(Saved data entries)

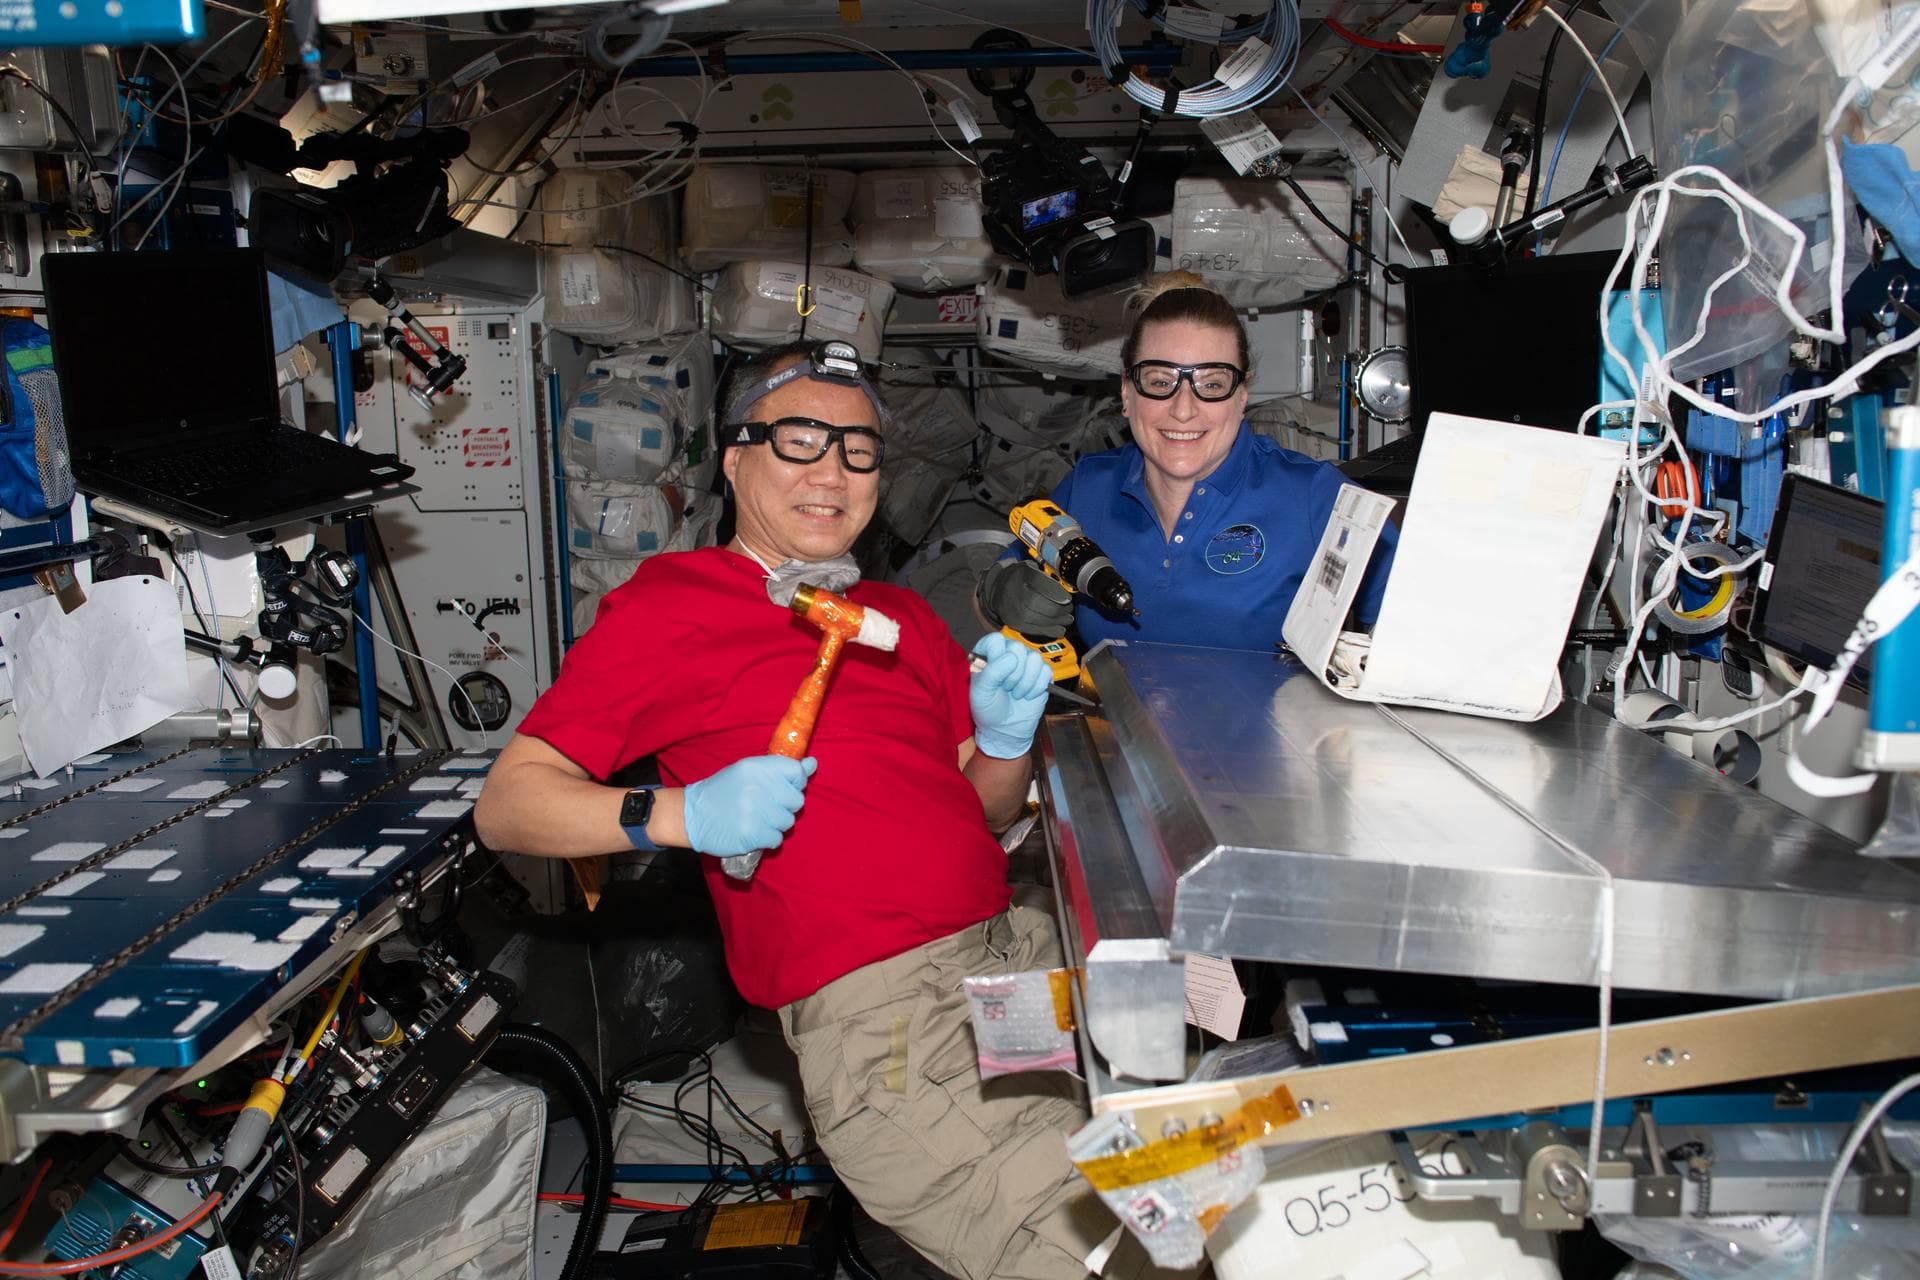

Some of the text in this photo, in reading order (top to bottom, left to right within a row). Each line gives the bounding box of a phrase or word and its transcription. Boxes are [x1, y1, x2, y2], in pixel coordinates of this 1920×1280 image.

[941, 181, 981, 195] 0-5155
[945, 298, 974, 314] EXIT
[453, 598, 476, 616] To
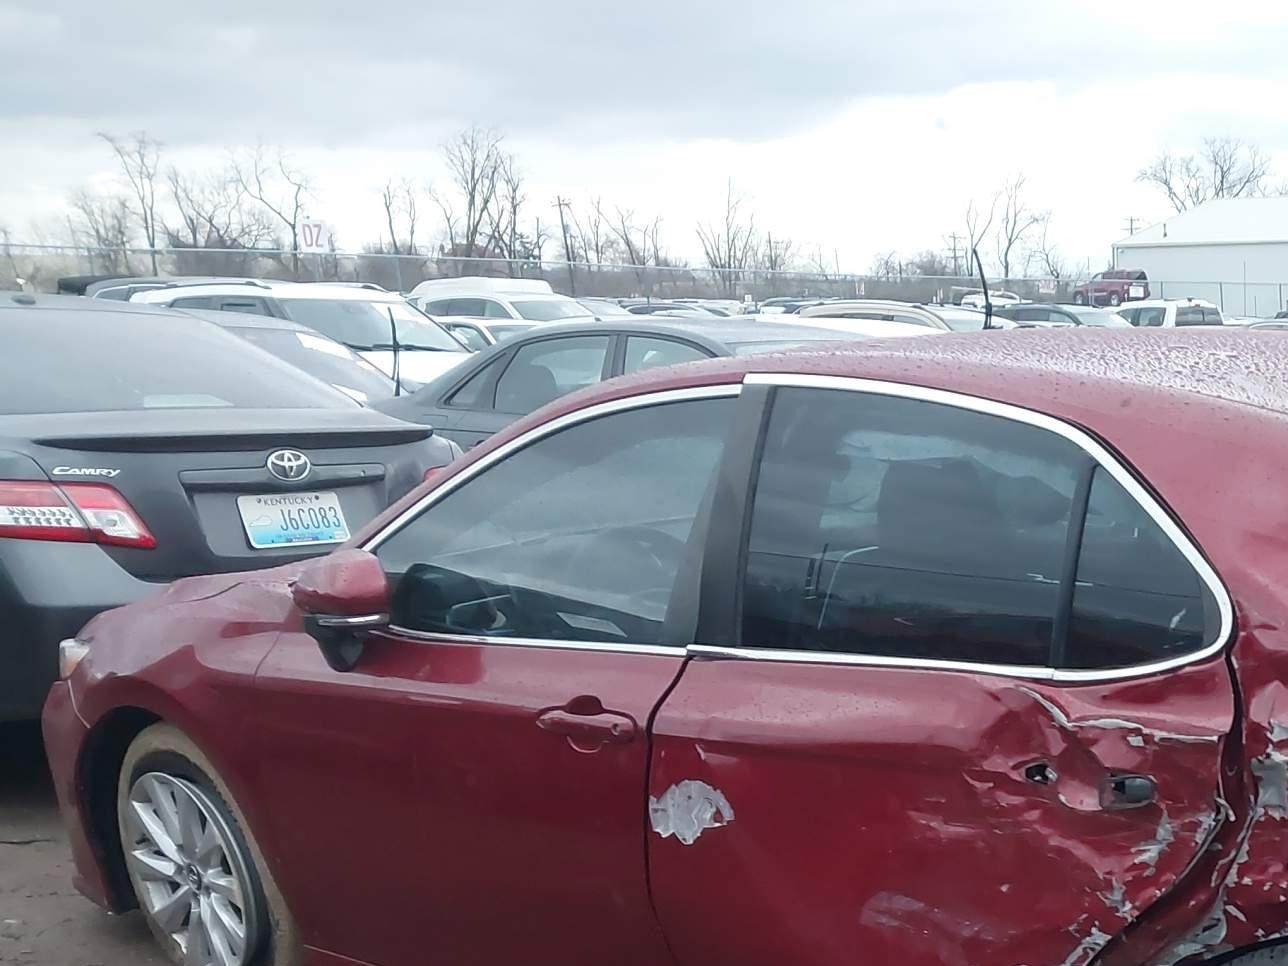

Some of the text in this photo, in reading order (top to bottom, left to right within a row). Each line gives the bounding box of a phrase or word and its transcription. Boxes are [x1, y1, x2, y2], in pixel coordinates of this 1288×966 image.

[53, 466, 120, 477] CAMRY
[263, 496, 313, 506] KENTUCKY
[280, 506, 341, 531] J6C083
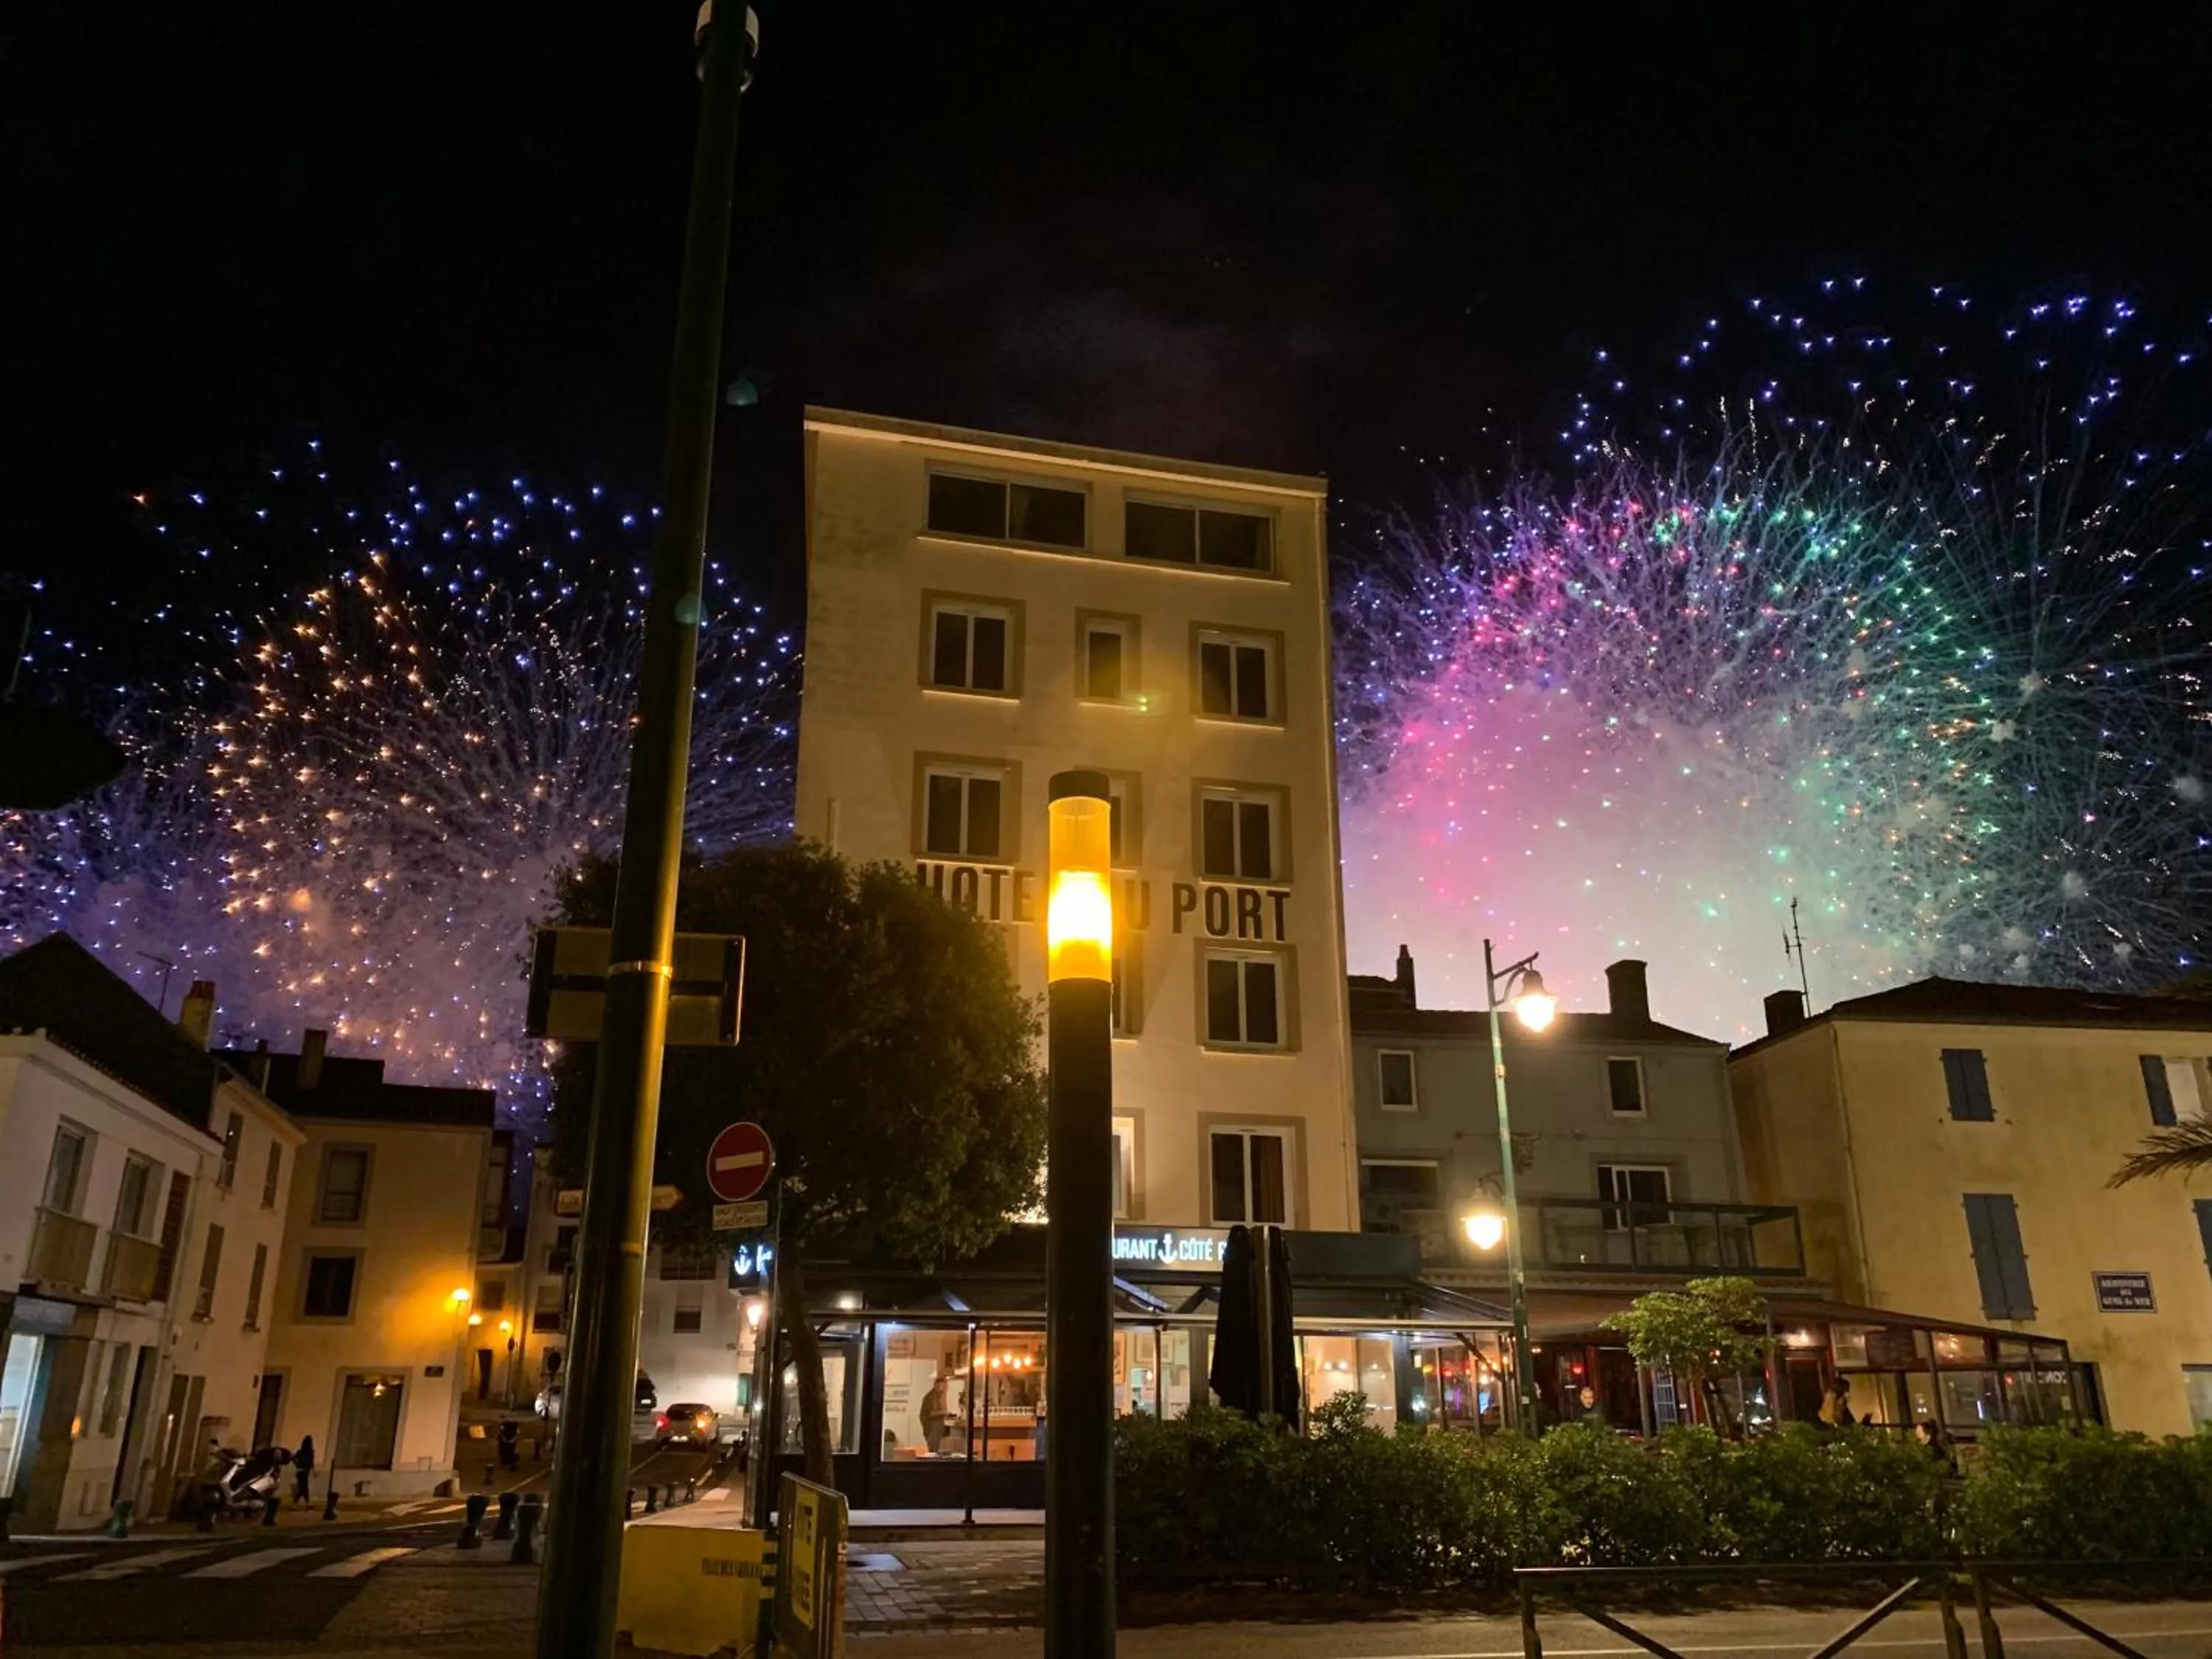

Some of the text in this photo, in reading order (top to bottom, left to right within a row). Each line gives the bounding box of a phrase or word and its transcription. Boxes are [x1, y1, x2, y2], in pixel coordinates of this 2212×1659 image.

[1124, 878, 1150, 931] U
[1172, 882, 1290, 942] PORT
[1112, 1238, 1158, 1260] URANT
[1179, 1237, 1213, 1262] CÔTÉ

### Work instructions
Pictures must be left out when the records are transcribed exactly.

### Output for this task
Some of the text in this photo, in reading order (top to bottom, left to right within a row). Each line gives the bounding box of a phrase or word and its transcription. Boxes are [x1, y1, x2, y2], in pixel coordinates of this 1920×1280 image.

[941, 181, 981, 195] 0-5155
[945, 298, 974, 314] EXIT
[453, 598, 476, 616] To

Some of the text in this photo, in reading order (top to bottom, left to right within a row). Each line gives the bounding box of a phrase or word and its transcription. Boxes are [x1, y1, x2, y2], in pixel coordinates of this 1288×966 image.

[53, 466, 120, 477] CAMRY
[263, 496, 313, 506] KENTUCKY
[280, 506, 341, 531] J6C083

Some of the text in this photo, in reading order (top to bottom, left to right within a row). Each line gives the bounding box of a phrase or word and its transcription. Boxes are [x1, y1, x2, y2], in pixel coordinates of this 2212×1659 image.

[1124, 878, 1150, 931] U
[1172, 882, 1290, 942] PORT
[1112, 1238, 1158, 1260] URANT
[1179, 1237, 1213, 1262] CÔTÉ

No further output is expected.